• _What the exercise asks_: This task calls for printing every entry exactly.

Data excerpts:
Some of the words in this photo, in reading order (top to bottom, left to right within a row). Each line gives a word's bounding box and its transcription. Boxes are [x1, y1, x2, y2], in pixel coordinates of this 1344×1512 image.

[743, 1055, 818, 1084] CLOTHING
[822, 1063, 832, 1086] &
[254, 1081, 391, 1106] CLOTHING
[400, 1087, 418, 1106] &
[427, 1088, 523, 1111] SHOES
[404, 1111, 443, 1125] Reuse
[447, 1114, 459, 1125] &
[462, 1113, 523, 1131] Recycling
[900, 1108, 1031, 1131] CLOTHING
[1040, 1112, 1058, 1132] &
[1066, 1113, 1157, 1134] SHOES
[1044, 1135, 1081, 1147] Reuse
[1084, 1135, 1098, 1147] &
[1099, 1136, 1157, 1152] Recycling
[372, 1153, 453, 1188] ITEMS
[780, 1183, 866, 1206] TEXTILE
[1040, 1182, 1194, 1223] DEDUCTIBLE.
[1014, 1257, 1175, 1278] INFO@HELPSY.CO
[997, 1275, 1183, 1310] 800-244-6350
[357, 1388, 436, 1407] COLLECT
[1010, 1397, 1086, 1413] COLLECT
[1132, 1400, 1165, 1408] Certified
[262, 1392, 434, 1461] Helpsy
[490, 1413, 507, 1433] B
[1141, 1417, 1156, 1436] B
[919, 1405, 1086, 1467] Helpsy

• _Response area_:
Some of the words in this photo, in reading order (top to bottom, left to right within a row). Each line gives a word's bounding box and its transcription. Boxes are [x1, y1, x2, y2], in pixel coordinates of this 1344×1512 image.

[743, 1055, 818, 1084] CLOTHING
[822, 1063, 832, 1086] &
[254, 1081, 391, 1106] CLOTHING
[400, 1087, 418, 1106] &
[427, 1088, 523, 1111] SHOES
[404, 1111, 443, 1125] Reuse
[447, 1114, 459, 1125] &
[462, 1113, 523, 1131] Recycling
[900, 1108, 1031, 1131] CLOTHING
[1040, 1112, 1058, 1132] &
[1066, 1113, 1157, 1134] SHOES
[1044, 1135, 1081, 1147] Reuse
[1084, 1135, 1098, 1147] &
[1099, 1136, 1157, 1152] Recycling
[372, 1153, 453, 1188] ITEMS
[780, 1183, 866, 1206] TEXTILE
[1040, 1182, 1194, 1223] DEDUCTIBLE.
[1014, 1257, 1175, 1278] INFO@HELPSY.CO
[997, 1275, 1183, 1310] 800-244-6350
[357, 1388, 436, 1407] COLLECT
[1010, 1397, 1086, 1413] COLLECT
[1132, 1400, 1165, 1408] Certified
[262, 1392, 434, 1461] Helpsy
[490, 1413, 507, 1433] B
[1141, 1417, 1156, 1436] B
[919, 1405, 1086, 1467] Helpsy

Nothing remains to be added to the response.